Until the mid-1800s, lighting a fire was a painstaking and frustrating process. Tinder---shredded wood pulp, dried grass or wool---had to be ignited with sparks created by striking a coarse stone against steel then stoked with oxygen into a small flame until hot enough to light firewood. Matches were an improvement but often dangerous, because they were made with highly combustible yellow phosphorus. The safety match was invented by a Swedish professor in 1844 and is still in use today. You can make your own strike-anywhere matches, but exercise the utmost caution: the chemicals used to make them are extremely hazardous.

Things You'll Need

  • 1/8-inch wooden dowels
  • Pyrex or Kimex safety glassware
  • Potassium chloride
  • White glue
  • Red phosphorus
  • Preheat your oven to 150 degrees F.

  • Cut your dowel rods into matchsticks by nicking with a small knife and snapping into 2- to 3-inch lengths.

  • Mix a small amount of potassium chlorate with white glue in a Pyrex or Kimex beaker to create a thick paste. The ratio is not important, so long as the mixture does not drip.

  • Dip the end of each matchstick into the potassium chlorate mixture.

  • Set the matches on an old pan, keeping the paste-covered tip off the pan's surface by resting each match against a length of dowel.

  • Bake your matches for two hours or until the potassium chlorate paste hardens.

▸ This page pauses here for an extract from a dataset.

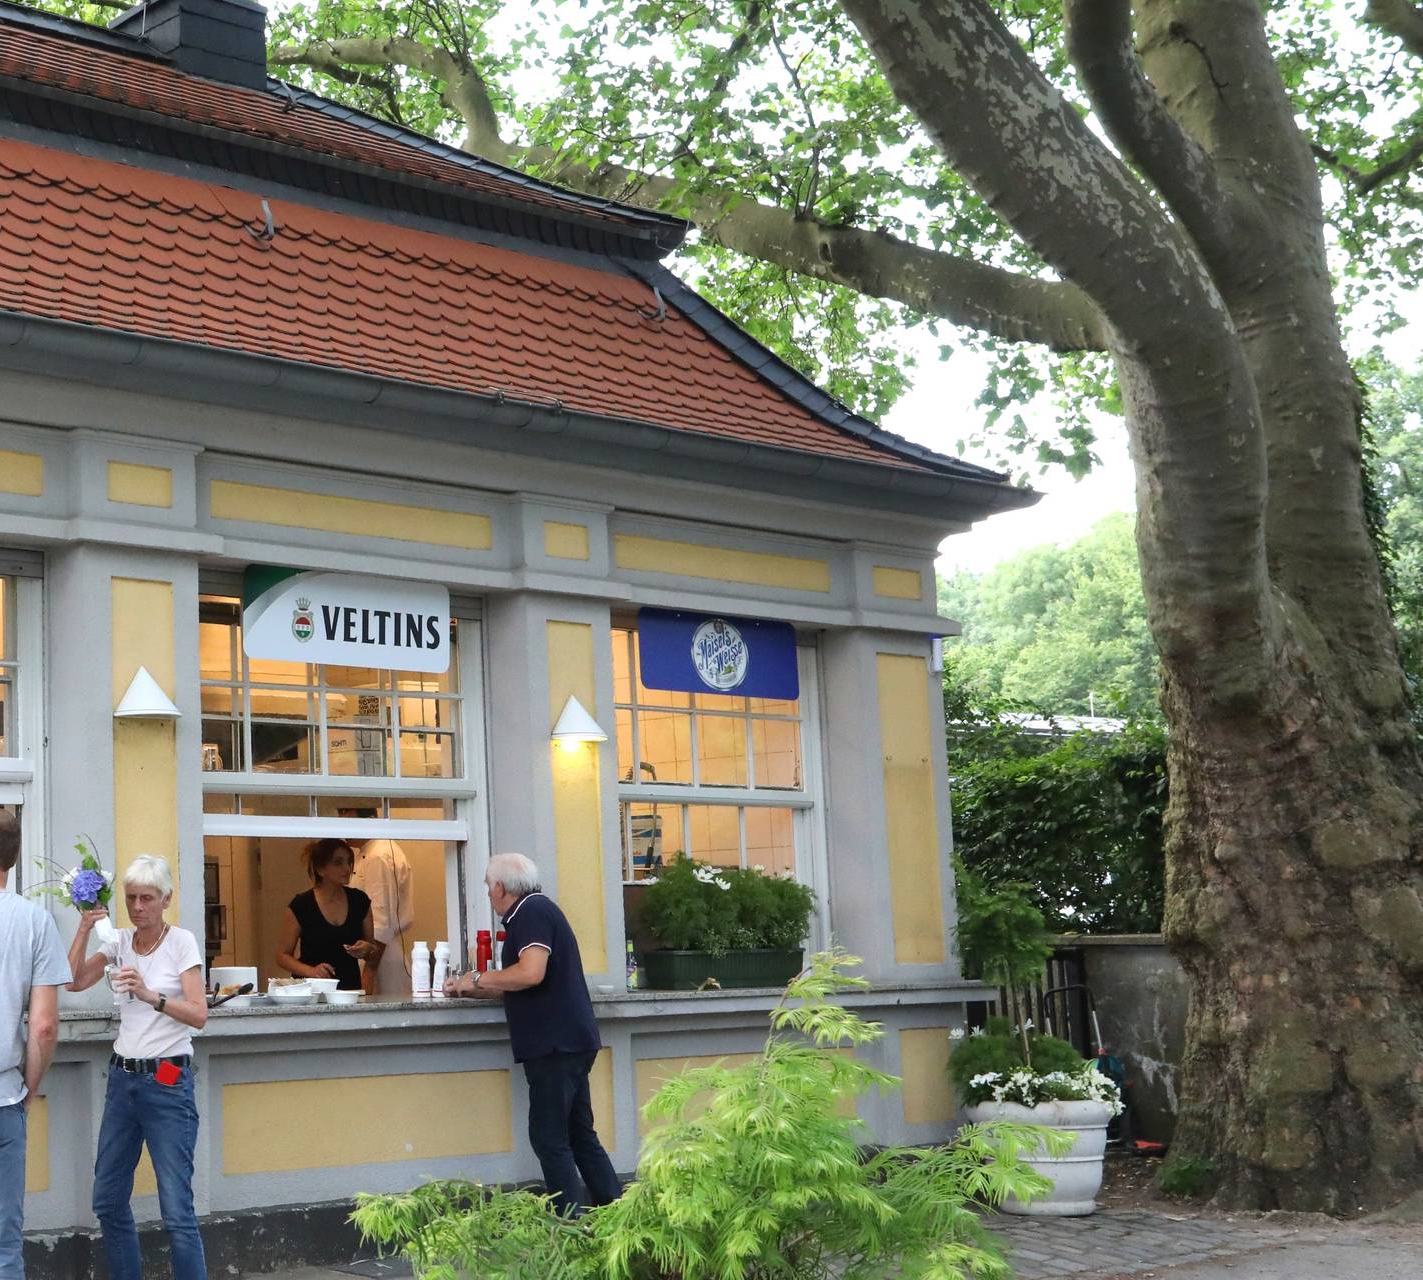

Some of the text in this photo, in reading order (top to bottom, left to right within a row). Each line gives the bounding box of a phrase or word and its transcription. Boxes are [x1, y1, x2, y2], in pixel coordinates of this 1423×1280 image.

  • Make a paste of white glue and red phosphorus in a new Pyrex or Kimex beaker, and stir gently. Do NOT use the beaker in which you mixed the potassium chlorate paste; the two chemicals are explosively reactive and, if combined, can blind, disfigure or even kill you.

  • Dip the baked head of each match in the second paste, and set it on the pan again.

  • Bake the matches for another two hours. When the second paste has hardened and cooled, you can ignite your homemade match on any surface.

Tips & Warnings

  • Potassium chlorate and red phosphorus are extremely reactive. Exercise the utmost caution when working with the two chemicals, and ensure they are kept separate.
  • Always wear safety eye goggles, work gloves and an apron when working with volatile chemicals.
  • Do not mix chemicals in regular drinking glasses or any beaker not labeled "Pyrex" or "Kimex," as they can shatter or explode in the event of a chemical reaction. Pyrex borosilicate glassware is resistant to heat and pressure, making it safe for laboratory use.